Nebula pursed her lips but moved aside, granting full access to the doorway and to the apartment beyond. Gamora soundlessly passed her sister on her way in, careful not to brush against her, should that breach their silent _no hugs and/or excessive physical contact yet_ rule.

“Coffee?” Nebula offered, once the door was shut and locked behind them.

“No, thanks.” She paused, watching the way Nebula eyed her like a betrayed child. She’d reached out and Gamora had swatted the proverbial helping hand aside. “I spend more time with Peter at work than I do in my own room. I’ve had it with coffee,” she said, in lieu of a proper explanation.

“Right, but they haven’t replaced their filters since the dark ages,” Nebula countered, heading towards the kitchen anyway. “And we just got a new espresso machine. So, I’ll make you a real coffee that doesn’t taste like gym socks, and you can tell me all about your altruistic reasons for being here.”

“No, really, I don’t need any favors. Purely friendly visit.”

“We’re not friends.”

“ _Sisterly_ visit.”

Nebula grunted in response.

“Hey,” Gamora teased, “I even brought you one of these.”

She trailed off, digging into her tote bag and fishing out a bright pink dragonfruit, tossing it in Nebula’s direction. It was a juvenile and frankly lame attempt at referencing a recurring childhood joke, concerning an eight year old Nebula and an unripe fruit. Judging by the forced grimace (keyword, forced) on her sister’s face, Gamora knew the sentiment didn’t go unappreciated.

“Milk and sugar?” Nebula asked, instead of throwing the fruit back at Gamora’s head in hopes of fixing her with a concussion. 

“Please.”

It was about two hours and two coffees into their conversation (which did turn out to be wholly innocent in both nature and purpose, and not bloody in the slightest), that Gamora realized she and Nebula weren’t the ones lurking about with ulterior motives.

“Wait, hold on, _what_?”

“What, what?” Nebula echoed. “He sues people all the time, nothing strange about that?”

And Thanos wasn’t the deceiver in question either, no matter how many times he’d lied to his business partners, or his daughters.

“No,” Gamora muttered, “I mean — who’d you say the lawsuit’s against?”

Nebula was absentmindedly swirling her spoon around her half empty mug. “Ego? The big resource conglomerate, I think. Does it matter who? Dad’s dipping into our trust funds to pay off his dirty lawyers.”

Gamora grew very still, fingers freezing over the biscuits on her plate. She wasn’t one to rewatch the entire Star Wars saga on a monthly basis, but Peter’s little sayings tended to rub off: needless to say, she had a bad feeling about this. 

“Do you — know why he’s suing Ego?”

She tried to play it off as an innocuous question, but neither of them were particularly skilled liars. 

“Why do you care?”

“Nebula, please.”

Nebula chewed her bottom lip between her teeth, scanning Gamora’s face for any minuscule detail that could reveal the true desperation behind the question.
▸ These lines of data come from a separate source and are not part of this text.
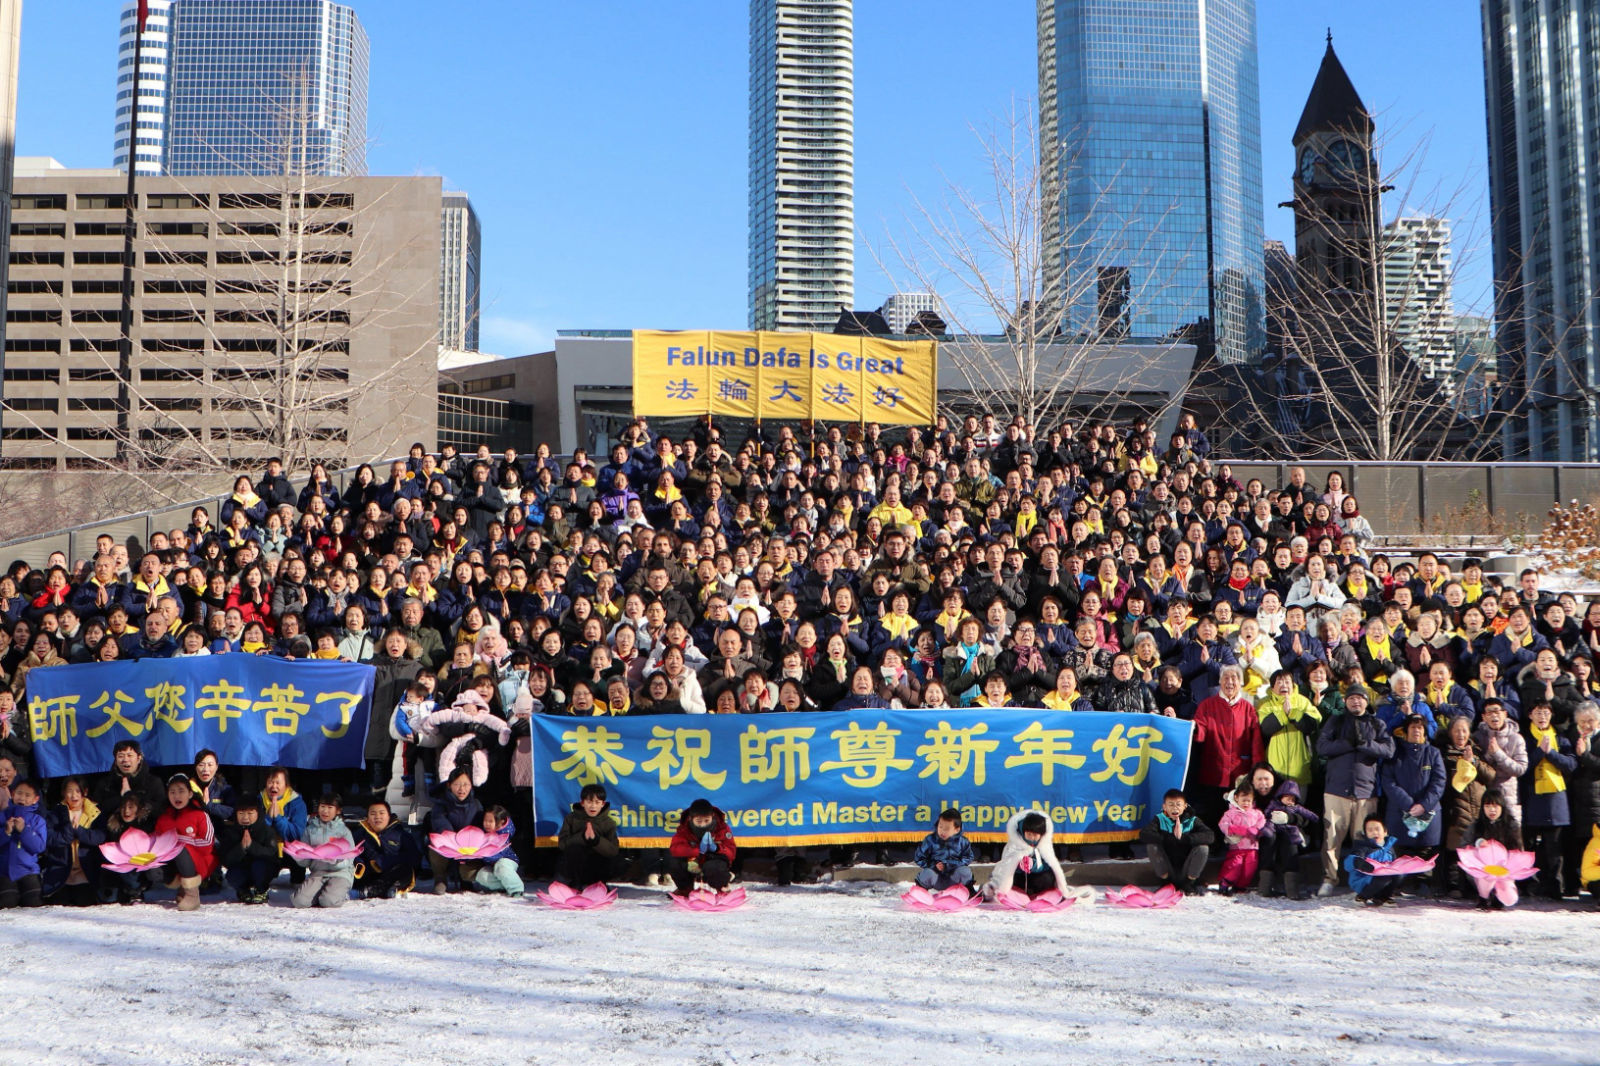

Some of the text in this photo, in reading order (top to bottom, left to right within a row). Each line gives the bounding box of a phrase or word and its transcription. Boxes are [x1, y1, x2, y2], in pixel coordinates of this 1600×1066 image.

[667, 345, 904, 375] Falun Dafa Is Great
[665, 378, 905, 408] 法輪大法好
[28, 678, 363, 746] 師父您辛苦了
[550, 721, 1173, 791] 恭祝師尊新年好
[570, 804, 684, 832] shing
[724, 803, 804, 828] vered
[812, 801, 908, 826] Master
[914, 805, 932, 822] a
[1093, 799, 1146, 823] Year
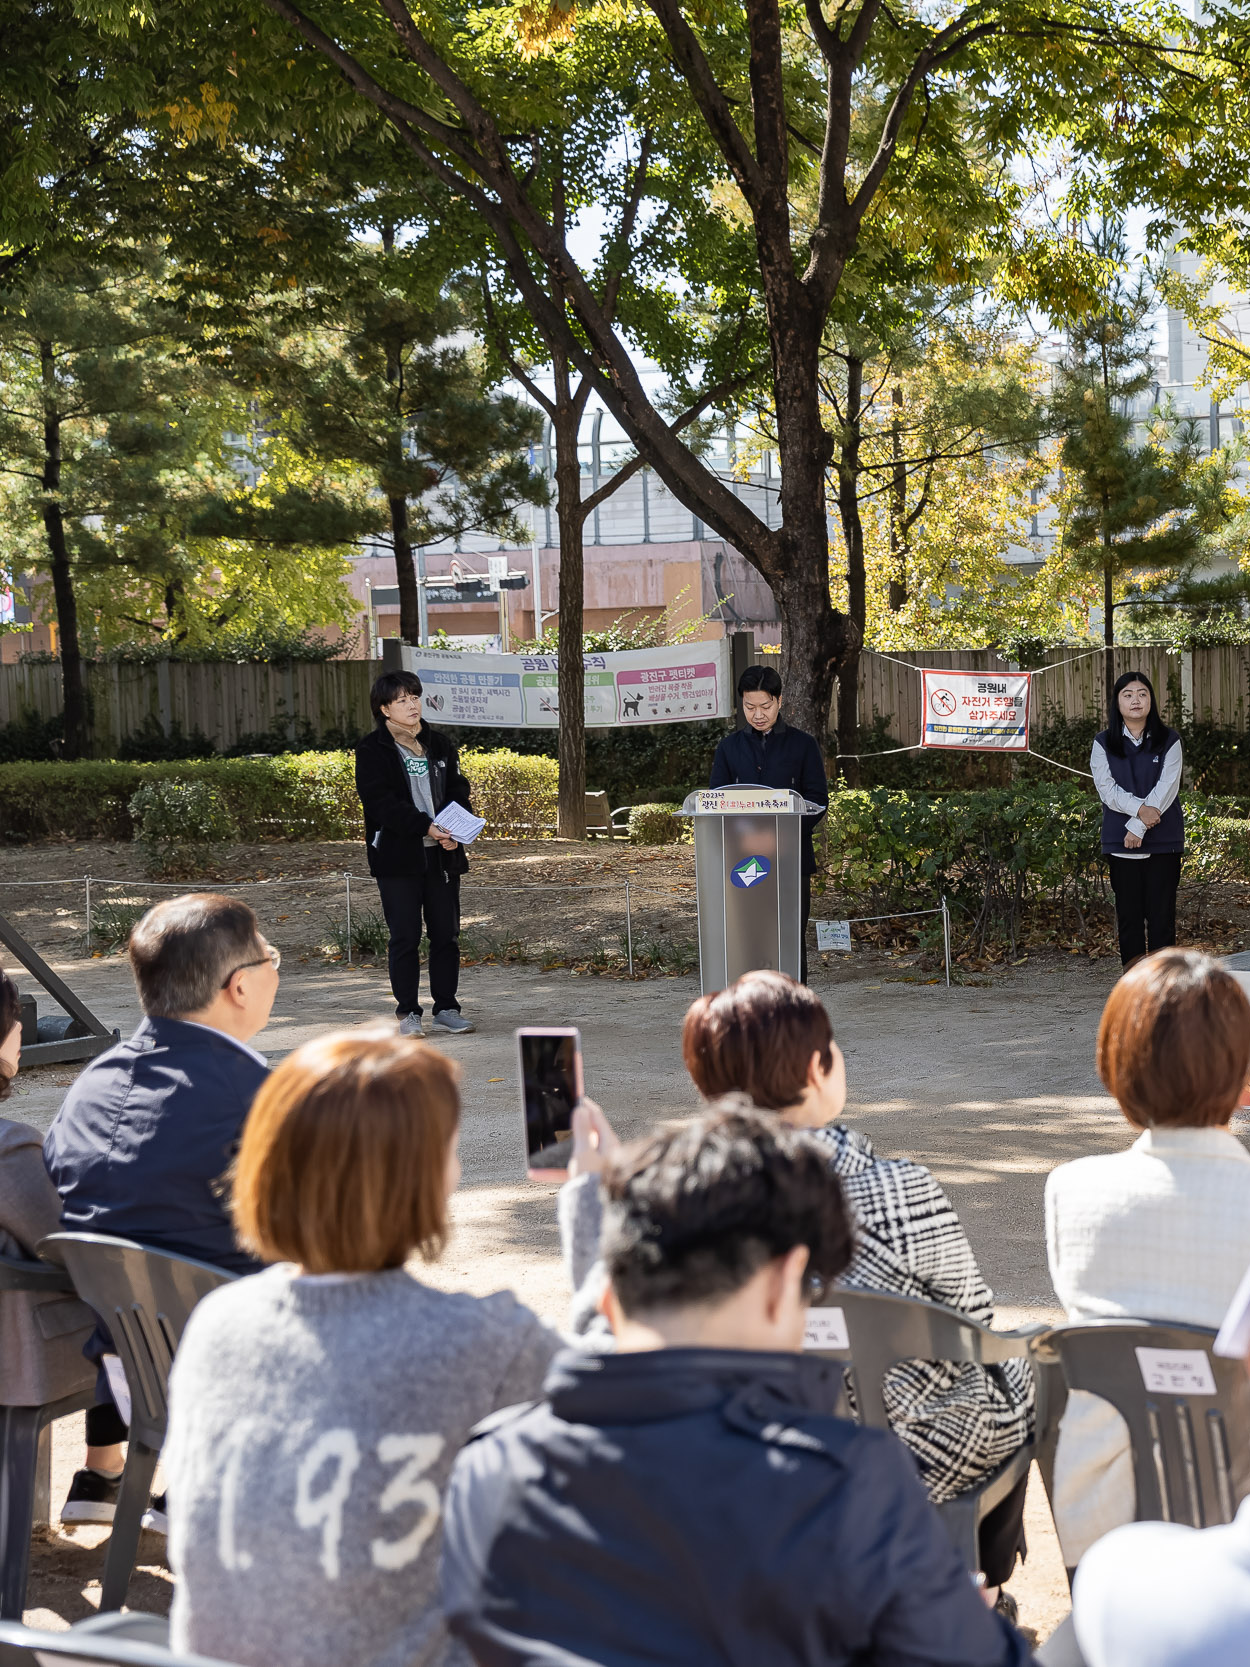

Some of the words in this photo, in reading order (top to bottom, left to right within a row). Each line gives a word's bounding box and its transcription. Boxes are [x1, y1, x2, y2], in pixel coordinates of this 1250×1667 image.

[460, 674, 476, 685] 공원
[640, 670, 667, 682] 광진구
[669, 668, 696, 680] 펫티켓
[978, 683, 1007, 694] 공원내
[962, 696, 990, 707] 자전거
[994, 696, 1023, 707] 주행을
[969, 711, 1017, 720] 삼가주세요
[702, 800, 717, 810] 광진
And while Gamora wasn’t trained in deceit, she had a killer poker face.

“Hell, I don’t know. I tried Googling it, because dad’s literally stealing our money to fund his little operation at this point, and I didn’t find much. Legal underworld, and all that.”

“What did you find?”

Nebula paused. She couldn’t pinpoint what was making Gamora tick, what had her prying for answers with eyes wide.

“Not much,” she repeated herself. “Just that daddy’s not the only one suing. I think whatever he — Ego — did to piss off more than half his investors is far too complicated for me grasp, let alone try and explain to anyone.”

“Just try.”

“Why do you care?”

Gamora sighed sharply. “Because Ego is Peter’s father. And just last week he waltzed back into Peter’s life like he was owed a spot.”

“Shit,” Nebula said quietly, eloquently.

“I just — I just want to be sure he’s not — ” Gamora trailed off, finally registering Nebula’s reaction. “What do you mean, _shit_?”

“It all makes sense now, at least,” Nebula mused aloud. She was close enough to both Gamora and Peter to connect the dots when the dots were practically screaming to be connected. She eyed Gamora with something strangely akin to pity, and elaborated when her sister looked like she was about to burst from poorly concealed anxiety. “There’s some sort of legal loophole the investors found, and they’re exploiting it to rip Ego off. He’s — he wants to expand beyond the continent, even beyond Europe. The business was set to go worldwide, with nearly all the profits floating back into his own pocket, which naturally didn’t sit well with all the rich, old white guys. So, they want out, but they signed a contract to stay in business. They wanted to find a way to make it void.”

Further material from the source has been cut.